Work task = Begin with the line containing "this 1932×1932 image." and copy each line exactly through the last line of the entries, inclusive.

━━ Given entries ━━

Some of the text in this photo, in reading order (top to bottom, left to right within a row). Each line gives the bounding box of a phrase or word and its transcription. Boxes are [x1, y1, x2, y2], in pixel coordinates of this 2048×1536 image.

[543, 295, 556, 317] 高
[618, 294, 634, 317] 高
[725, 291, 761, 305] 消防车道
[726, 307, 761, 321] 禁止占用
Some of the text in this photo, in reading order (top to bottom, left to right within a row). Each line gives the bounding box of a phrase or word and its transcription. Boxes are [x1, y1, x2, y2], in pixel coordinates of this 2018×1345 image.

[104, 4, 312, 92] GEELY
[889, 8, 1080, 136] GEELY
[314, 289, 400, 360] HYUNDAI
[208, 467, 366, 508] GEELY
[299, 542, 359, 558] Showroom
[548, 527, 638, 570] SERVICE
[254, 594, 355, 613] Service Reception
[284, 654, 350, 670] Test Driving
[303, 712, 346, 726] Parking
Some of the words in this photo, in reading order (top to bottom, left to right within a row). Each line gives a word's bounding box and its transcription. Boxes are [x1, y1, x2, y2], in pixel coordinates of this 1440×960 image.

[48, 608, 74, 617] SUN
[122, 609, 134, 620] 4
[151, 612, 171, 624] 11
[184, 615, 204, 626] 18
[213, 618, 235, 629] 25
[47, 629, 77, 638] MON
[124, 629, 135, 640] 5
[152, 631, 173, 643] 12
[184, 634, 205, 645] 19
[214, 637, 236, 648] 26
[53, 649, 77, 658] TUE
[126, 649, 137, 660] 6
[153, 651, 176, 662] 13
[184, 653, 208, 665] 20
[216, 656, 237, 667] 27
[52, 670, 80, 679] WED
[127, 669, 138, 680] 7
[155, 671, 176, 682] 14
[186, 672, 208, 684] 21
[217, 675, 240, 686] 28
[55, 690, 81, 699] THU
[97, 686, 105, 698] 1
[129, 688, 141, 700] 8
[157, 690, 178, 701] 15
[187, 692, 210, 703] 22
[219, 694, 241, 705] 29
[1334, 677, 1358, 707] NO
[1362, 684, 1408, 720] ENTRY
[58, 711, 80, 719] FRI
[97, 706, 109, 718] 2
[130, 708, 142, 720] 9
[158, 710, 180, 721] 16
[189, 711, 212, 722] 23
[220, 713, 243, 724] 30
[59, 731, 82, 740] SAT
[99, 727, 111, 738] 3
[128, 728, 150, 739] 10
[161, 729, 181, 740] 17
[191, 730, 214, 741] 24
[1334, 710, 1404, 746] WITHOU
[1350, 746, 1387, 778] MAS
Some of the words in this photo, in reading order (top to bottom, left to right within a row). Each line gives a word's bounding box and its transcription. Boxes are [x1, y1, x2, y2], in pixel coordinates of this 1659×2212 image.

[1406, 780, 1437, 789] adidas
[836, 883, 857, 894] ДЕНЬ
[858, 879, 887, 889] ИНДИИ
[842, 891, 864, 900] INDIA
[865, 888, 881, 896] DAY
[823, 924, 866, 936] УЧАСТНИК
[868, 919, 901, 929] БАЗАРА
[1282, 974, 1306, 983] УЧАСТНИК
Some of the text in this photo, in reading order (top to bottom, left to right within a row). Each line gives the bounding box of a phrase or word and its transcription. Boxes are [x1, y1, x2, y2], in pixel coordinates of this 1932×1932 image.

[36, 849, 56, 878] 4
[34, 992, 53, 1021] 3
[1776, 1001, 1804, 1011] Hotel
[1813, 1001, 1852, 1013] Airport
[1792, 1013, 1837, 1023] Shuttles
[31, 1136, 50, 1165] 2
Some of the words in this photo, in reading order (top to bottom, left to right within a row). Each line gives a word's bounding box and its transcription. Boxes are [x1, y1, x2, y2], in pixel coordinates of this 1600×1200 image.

━━━

Exercise result =
Some of the text in this photo, in reading order (top to bottom, left to right within a row). Each line gives the bounding box of a phrase or word and its transcription. Boxes are [x1, y1, x2, y2], in pixel coordinates of this 1932×1932 image.

[36, 849, 56, 878] 4
[34, 992, 53, 1021] 3
[1776, 1001, 1804, 1011] Hotel
[1813, 1001, 1852, 1013] Airport
[1792, 1013, 1837, 1023] Shuttles
[31, 1136, 50, 1165] 2
Some of the words in this photo, in reading order (top to bottom, left to right within a row). Each line gives a word's bounding box and its transcription. Boxes are [x1, y1, x2, y2], in pixel coordinates of this 1600×1200 image.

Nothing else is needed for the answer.